The Department of Veterans Affairs is launching a comprehensive study of women veterans who served in the military during the Vietnam War to explore the effects of their military service upon their mental and physical health. The study, which begins in November and lasts more than four years, will contact approximately 10,000 women, and information will gathered by a mail survey, a telephone interview and a review of medical records for a selected sample of women.

As women Vietnam veterans approach their mid-60s, it is important to understand the impact of wartime deployment on health and mental outcomes nearly 40 years later. The study will assess the prevalence of post-traumatic stress disorder, and other mental and physical health conditions for women Vietnam veterans, and explore the relationship between PTSD and other conditions.

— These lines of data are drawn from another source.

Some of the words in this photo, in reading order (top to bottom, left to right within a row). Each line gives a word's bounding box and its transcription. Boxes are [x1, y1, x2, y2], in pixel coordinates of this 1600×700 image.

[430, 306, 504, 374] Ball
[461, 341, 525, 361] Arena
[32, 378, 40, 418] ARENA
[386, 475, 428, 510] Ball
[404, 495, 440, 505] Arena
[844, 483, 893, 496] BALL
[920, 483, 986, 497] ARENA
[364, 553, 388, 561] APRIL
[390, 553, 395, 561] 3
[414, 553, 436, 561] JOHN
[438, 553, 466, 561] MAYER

VA will study female Vietnam veterans who may have had direct exposure to traumatic events, and, for the first time, study those who served in facilities near Vietnam and in the United States. These women may have had similar, but less direct, exposures. Both women veterans who receive their health care from VA and those who receive health care from other providers will be contacted to determine the prevalence of a variety of health conditions.

About 250,000 women veterans served in the military during the Vietnam War, and about 7,000 were in or near Vietnam. Those who were in Vietnam, those who served elsewhere in Southeast Asia and those who served in the United States are potential study participants.

The study represents to date the most comprehensive examination of women veterans, and will be used to shape future research on women veterans in future wars. Such an understanding will lay the groundwork for planning and providing appropriate services for women veterans, as well as for the aging veteran population today.